Boosting COVID-19 Severity Detection with Infection-aware Contrastive Mixup Classification
This work addresses the problem of automated severity grading for COVID-19 patients, which is incremental as it builds on existing methods with specific enhancements for data imbalance and infection awareness.
The paper tackled COVID-19 severity detection from chest CT images by developing an infection-aware 3D Contrastive Mixup Classification network, achieving first place in a competition with a Macro F1 Score of 51.76% and outperforming the baseline by over 11.46%.
This paper presents our solution for the 2nd COVID-19 Severity Detection Competition. This task aims to distinguish the Mild, Moderate, Severe, and Critical grades in COVID-19 chest CT images.
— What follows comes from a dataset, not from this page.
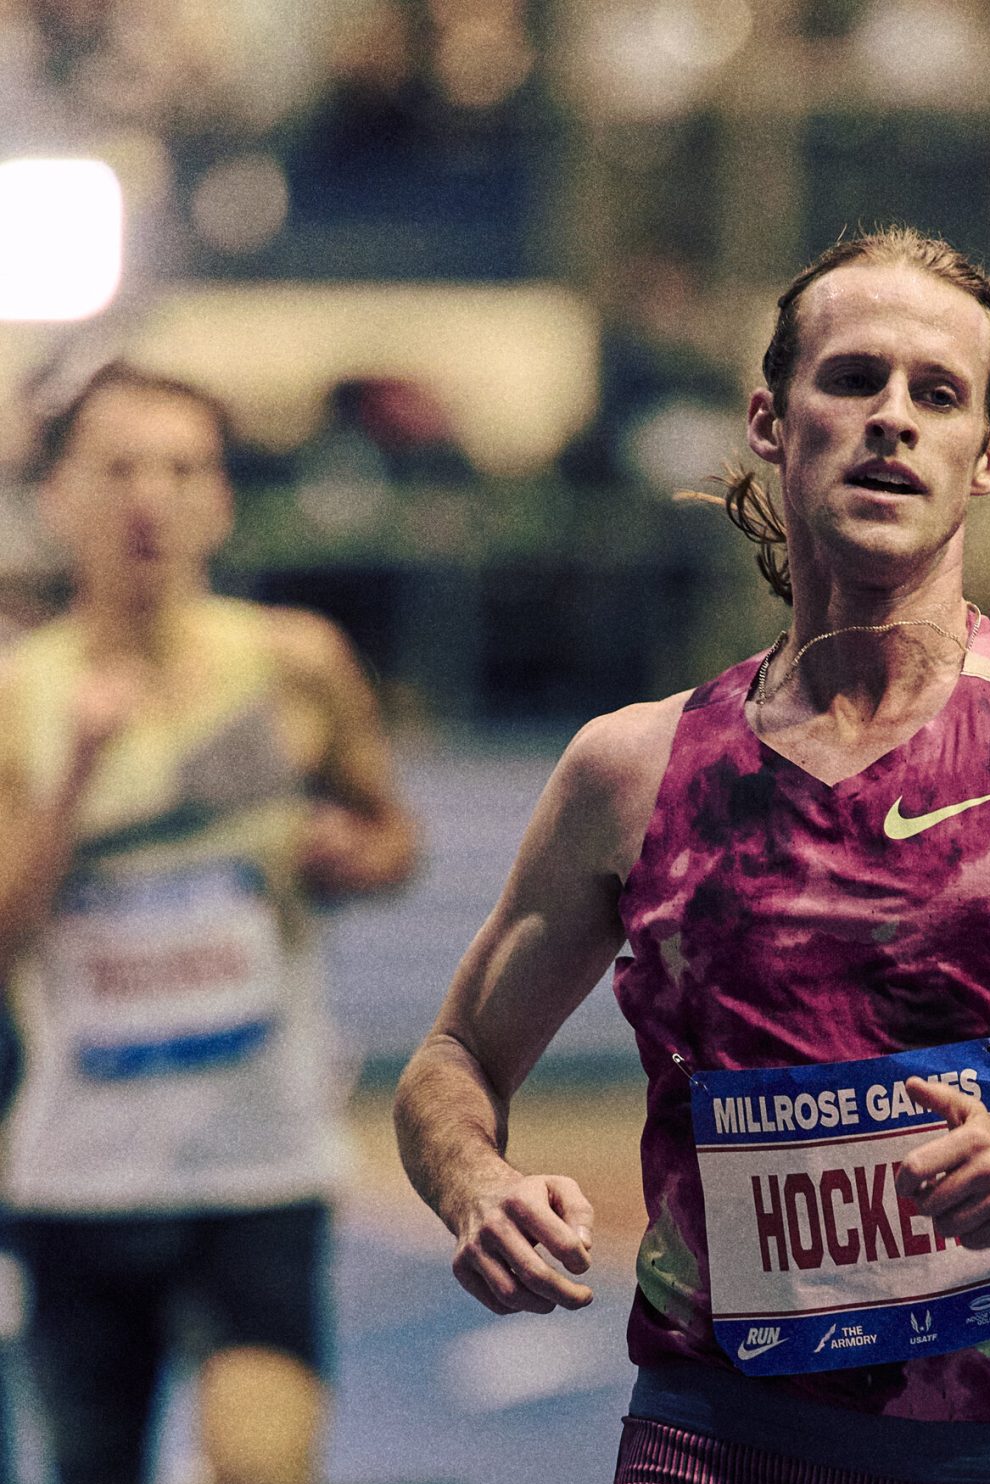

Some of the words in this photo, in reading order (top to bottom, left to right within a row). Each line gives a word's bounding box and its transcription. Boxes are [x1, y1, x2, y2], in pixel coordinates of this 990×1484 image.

In our approach, we devise a novel infection-aware 3D Contrastive Mixup Classification network for severity grading. Specifcally, we train two segmentation networks to first extract the lung region and then the inner lesion region. The lesion segmentation mask serves as complementary information for the original CT slices. To relieve the issue of imbalanced data distribution, we further improve the advanced Contrastive Mixup Classification network by weighted cross-entropy loss. On the COVID-19 severity detection leaderboard, our approach won the first place with a Macro F1 Score of 51.76%. It significantly outperforms the baseline method by over 11.46%.